Junior Jonathan Shi


Photo by Rachel Lu.

Sometimes people find activities that don’t just match with their existing personality; instead, these activities develop their personalities. Junior Jonathan Shi has been playing chess since middle school and is one of the leaders of the the school’s Chess Club. Jonathan attributes much of his personal growth throughout high school to his experiences playing the game. In fact, he uses the idea that chess has value beyond the chessboard to explain his identity.

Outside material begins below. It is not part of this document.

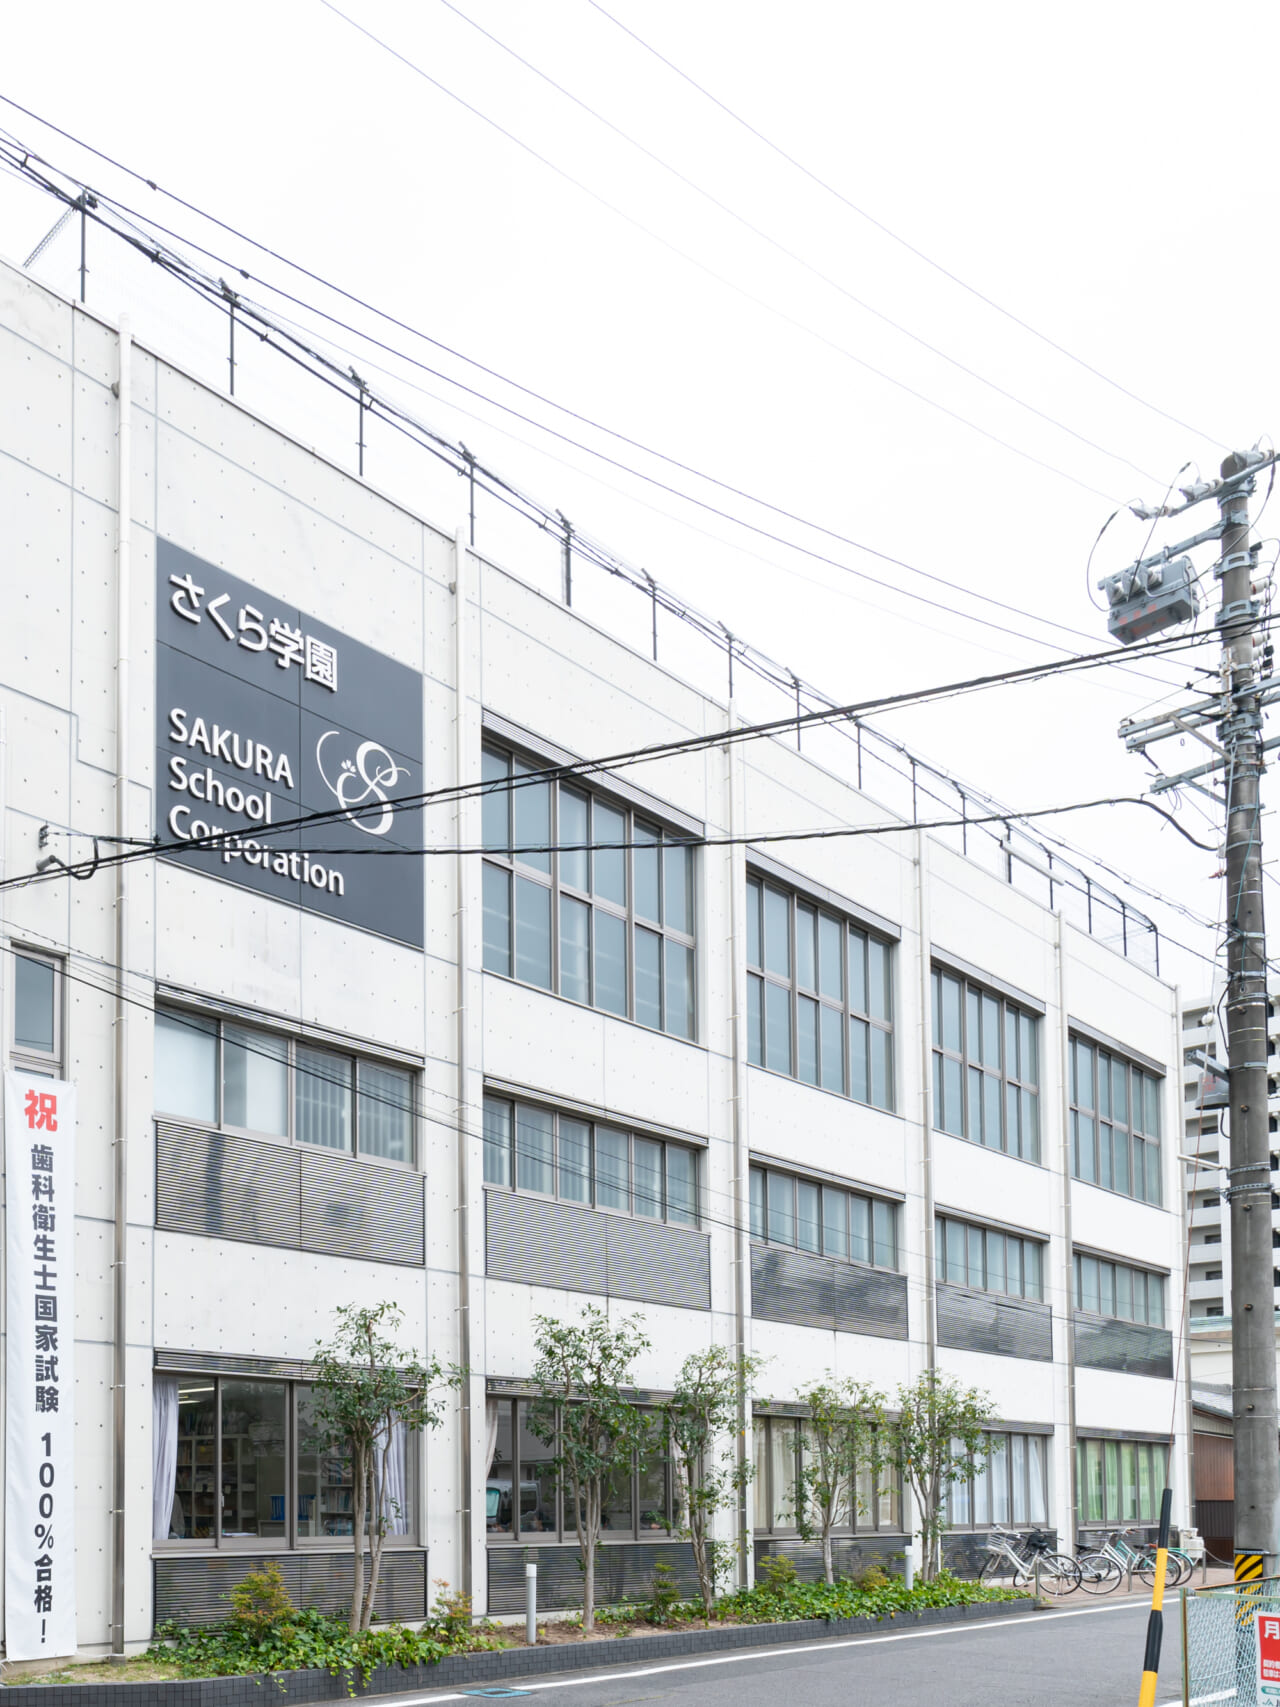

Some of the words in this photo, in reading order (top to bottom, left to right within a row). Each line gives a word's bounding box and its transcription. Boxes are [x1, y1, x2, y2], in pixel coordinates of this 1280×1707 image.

“There are some skills that chess teaches that people might not [instantly] see,” Jonathan said. “A lot of people say chess is applicable to life.”
Jonathan describes himself as calculating, intuitive and over-thinking. He recognizes the discrepancies between those three adjectives: while it may seem contradictory to act on both intuition and analysis, Jonathan believes both mindsets are important in different situations. Whether dealing with game-related problems or personal ones, he describes his unique psyche in a simple phrase; “Sometimes you just stop calculating and do what you think is right.”

While Jonathan wins most of his games, he cannot win them all. However, despite the initial disappointment of a lost match, he acknowledges that his exposure to failure in chess has positively shaped his character.

“I started playing chess in seventh grade and I was way more stuck-up back then,” Jonathan said. “Chess, by necessity, makes you a humbler person, makes you less full of yourself.”

Created by the pressure of playing a competitive game at a high level, Jonathan’s reflection on his chess identity is another seemingly contradictory statement — one that has merit both inside and outside the world of chess.

“There’s a constant desire to win and that’s shaped who I am,” Jonathan said. “But at the same time, you’re inevitably going to lose games… you can’t win them all. So that’s sort of a lesson too.”